On writ of error we review judgment in favor of the plaintiff rendered in a suit for damages resulting from a collision between a hook and ladder truck of the defendant municipality and an automobile in which plaintiff was riding.

Plaintiff in error presents four questions for our consideration, as follows:

'First Question:
'Even though the declaration charges a municipality with 'a persistent habit and habitual custom' of being negligent in the operation of fire-fighting equipment, is the municipality liable when the evidence offered at the trial relates only to a single time and place involving alleged negligence by the driver of a hook and ladder truck proceeding to a reported fire, and refers in no way to prior habit, custom or nuisance?'
'Second Question:
'In addition to compensatory damages for alleged negligence, is a municipality in Florida liable to the assessment of punitive or exemplary damages?'
'Third Question:
'When the plaintiff, a minor, claims permanent physical and mental injury, but at the trial offers no medical evidence of her present condition, and relies upon the hospital record of her injury fifteen months theretofore and upon testimony concerning her condition at that time, and upon hypothetical questions based thereon mvolving her probable future condition, is there sufficient certainty in the evidence to support a verdict for permanent injury, particularly when the chief expert medical witness for the plaintiff testified at the trial 'Most likely this girl will recover. I just stated these other things can occur'?'
'Fourth Question:
'Can photographs of a badly wrecked automobile be identified and sufficiently qualified for admission in evidence when the witness who produces and attempts to qualify them did not take them, was not present when they were taken, testifies, 'I wouldn't have any idea who took them', does not know when they were taken, saw them for the first time more than a year after the wreck, and admits that the automobile had been moved from the scene of the wreck to a junk yard and that the hood at least had been removed, but stubbornly insists nevertheless that the pictures are 'true representation of the condition of the car'?'

The declaration was in two counts. In the first count it is alleged, inter alia:

'And the plaintiff says that the motor vehicle hereinabove mentioned had for a long period of time, to-wit, for many months before the date alleged above, been used as a vehicle for the purpose of transporting members of the defendant's fire department to the scenes of fires, and that for a long period of time it had been the persistent habit and habitual custom of those operating and driving said motor vehicle and fire-fighting apparatus to drive the same at a high and dangerous and grossly negligent rate of speed, into and through street intersections where traffic control signal lights were maintained and operated by the said City of Miami, while said traffic control signal lights were red for traffic moving in the direction in which said vehicles were going, many times driving the said apparatus through such intersections at a high and dangerous rate of speed, without regard for the rules and regulations for the control of traffic therein, and the plaintiff avers that the said custom and habit of driving through such intersections at such high and dangerous rates of speed, and against red signal lights, was generally and well known, and was so patently and obviously dangerous to other persons using the said streets of said City, and proceeding in accordance with the ordinance controlling the use of such intersections, as to be a menace to the public and to constitute a nuisance; and the plaintiff avers that the driving of the said motor vehicle as aforesaid was known, or by the exercise of reasonable diligence could have been known * * *.'

The second count does not contain this allegation setting up 'persistent habit and habitual custom.'

The case went to trial on pleas of not guitly to both counts of the declaration. The verdict was a general verdict and did not specify that it was based on either particular count of the declaration.

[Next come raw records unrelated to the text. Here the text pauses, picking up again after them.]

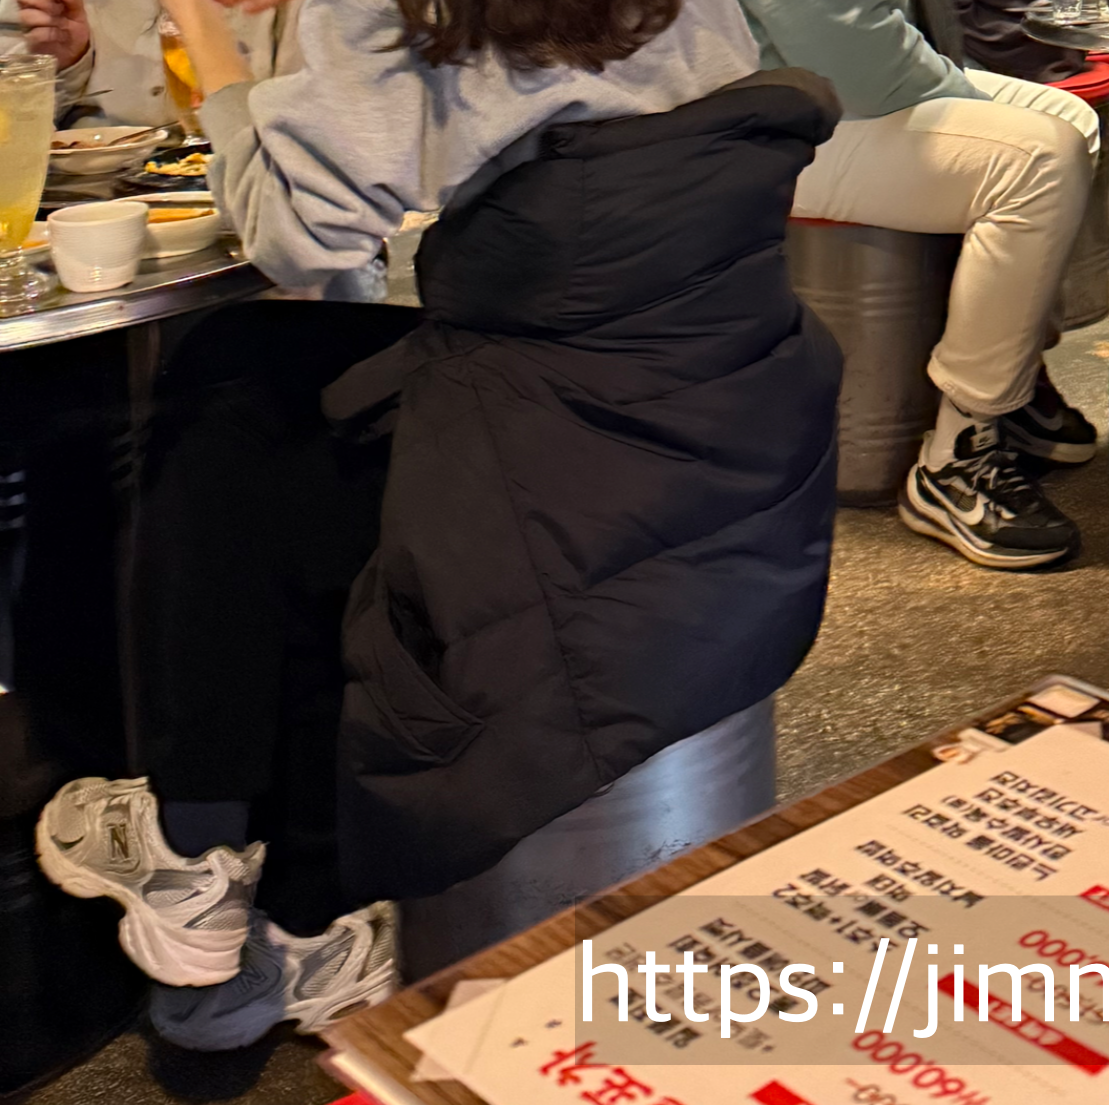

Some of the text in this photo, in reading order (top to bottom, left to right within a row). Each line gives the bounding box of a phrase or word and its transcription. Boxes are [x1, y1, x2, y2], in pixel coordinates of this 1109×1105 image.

[901, 802, 1057, 881] 느린마을 막걸리
[973, 786, 1083, 842] 새우부추전
[854, 837, 984, 908] 날치알주먹밥
[862, 872, 916, 903] 먹태
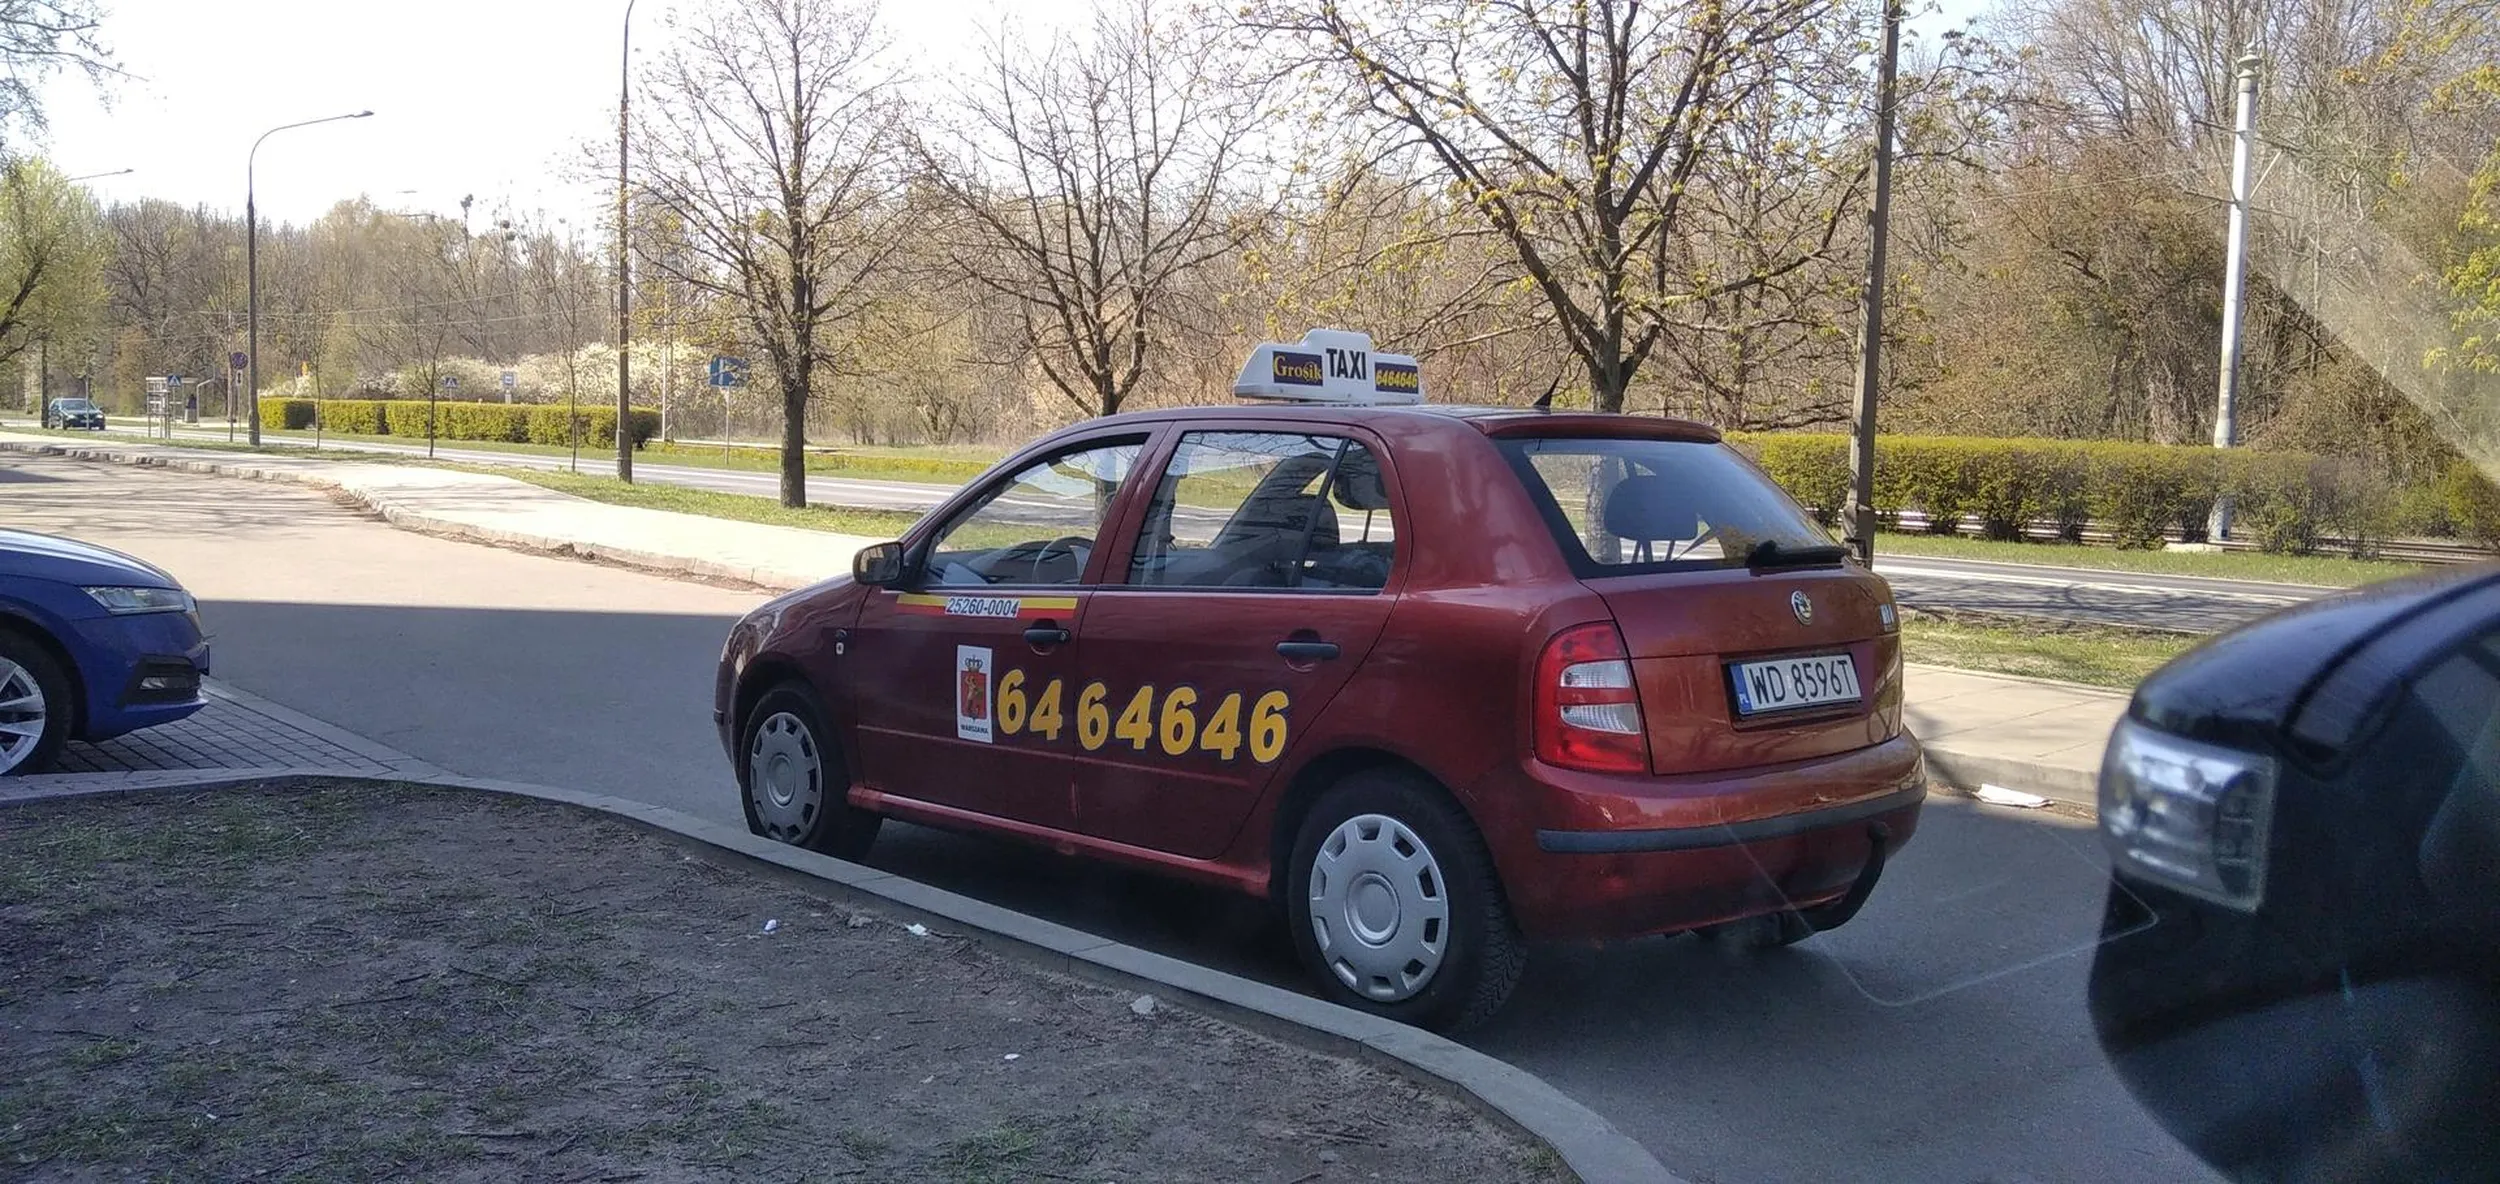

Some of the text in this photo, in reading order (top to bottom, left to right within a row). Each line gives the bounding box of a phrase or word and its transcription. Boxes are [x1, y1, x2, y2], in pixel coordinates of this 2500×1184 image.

[1325, 348, 1366, 380] TAXI
[1375, 369, 1418, 389] 6464646
[946, 597, 1019, 617] 25260-0004
[1749, 660, 1853, 704] WD 8596T
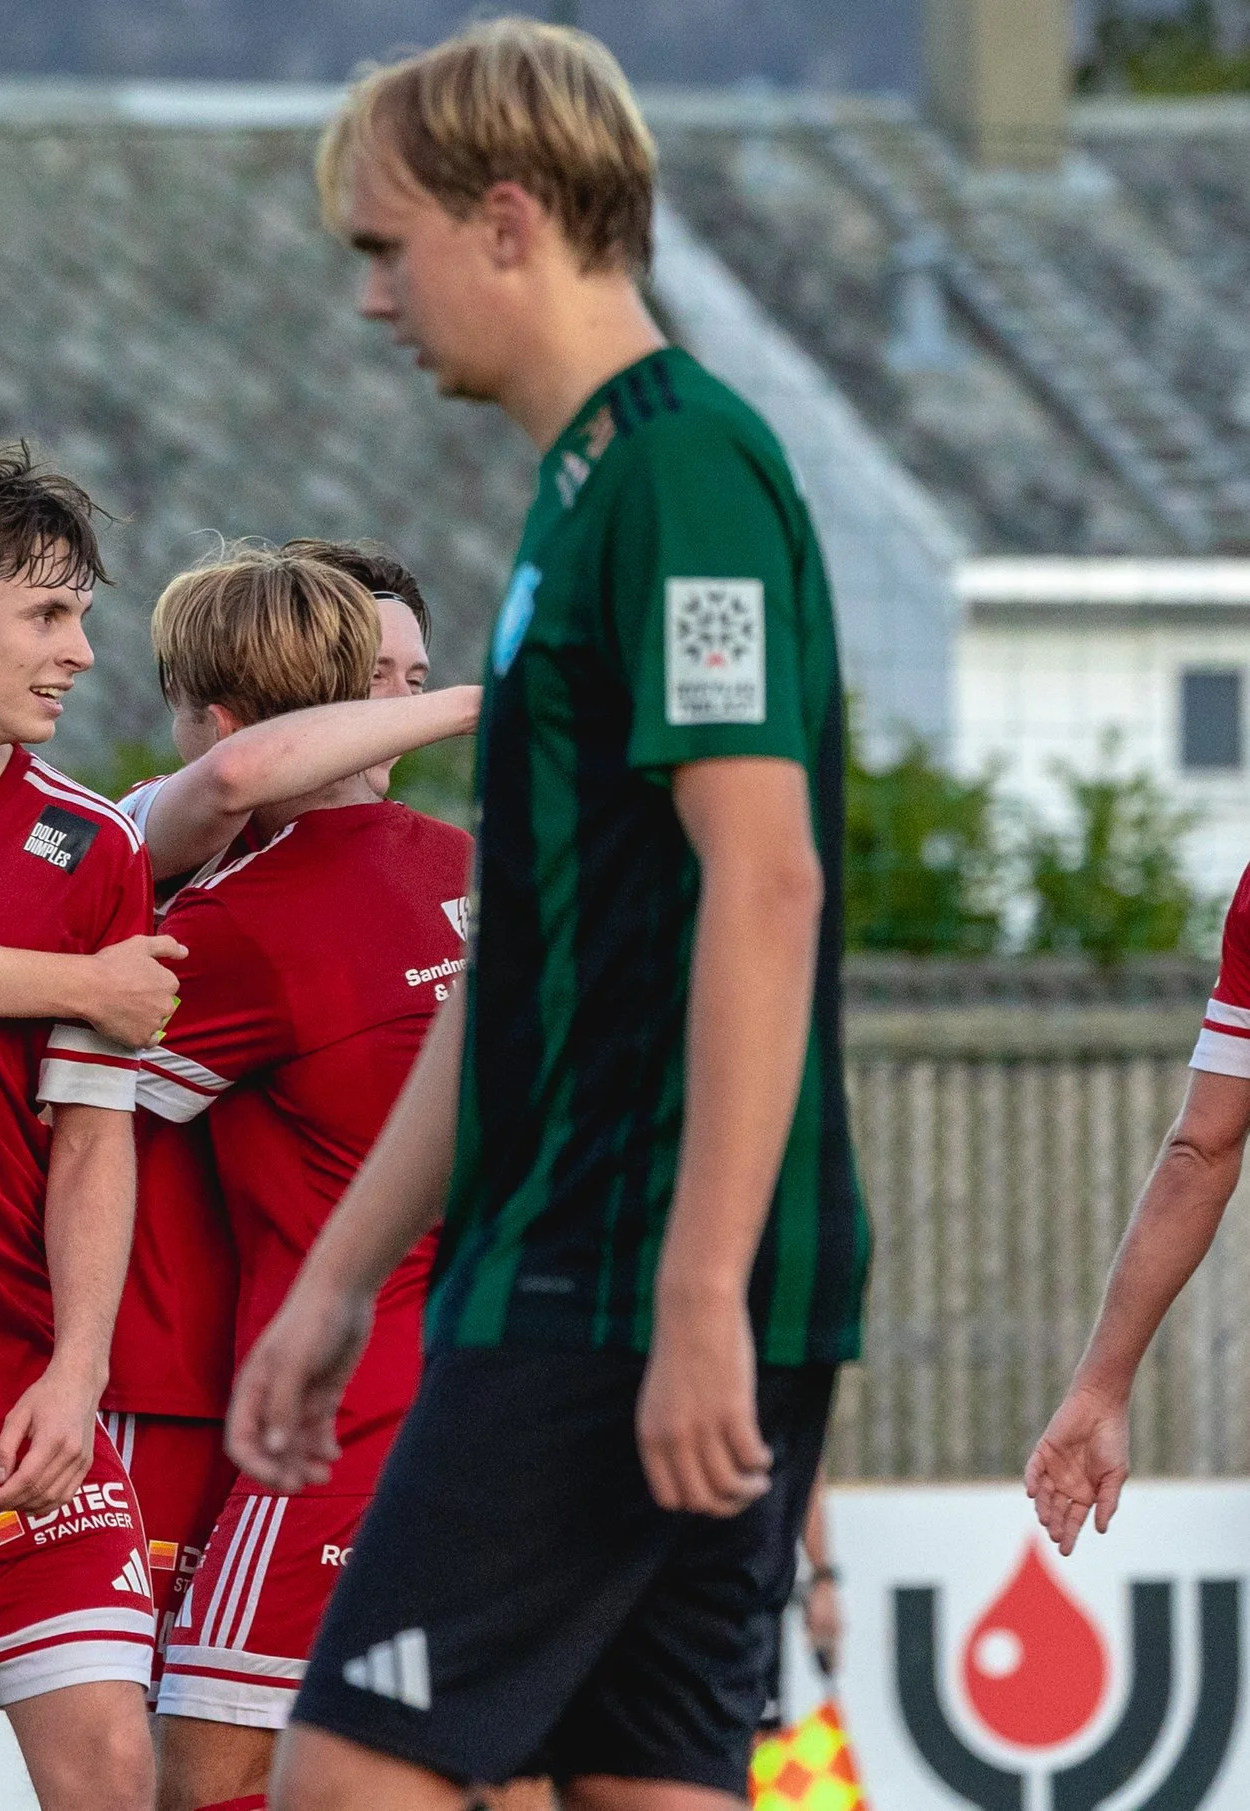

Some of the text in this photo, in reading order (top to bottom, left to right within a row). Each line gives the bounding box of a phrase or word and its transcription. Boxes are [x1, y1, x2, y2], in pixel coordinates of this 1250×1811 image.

[31, 822, 67, 847] DOLLY
[23, 836, 71, 868] DIMPLES
[404, 957, 468, 987] Sandne
[434, 983, 450, 1001] &
[33, 1512, 134, 1545] STAVANGER

The evidence amply supported the second count of the declaration. Therefore, it is unnecessary to discuss the contention presented by the first question.

It is settled in this jurisdiction that a judgment will not be reversed where it is based on a general verdict and the declaration contains a good count. Section 2814, R.G.S., Section 4501, C.G.L., provides that no judgment after verdict shall be reversed for any faulty count in the declaration where the declaration contains one good count. See Ferry Pass Shippers' & Inspectors' Ass'n v. Pensacola Lbr. Co., 65 Fla. 313, 61 So. 639; Maxwell v. City of Miami, 87 Fla. 107, 100 So. 147, 33 A.L.R. 682.

The second question challenges the propriety of the charge of the court in which the court instructed the jury in...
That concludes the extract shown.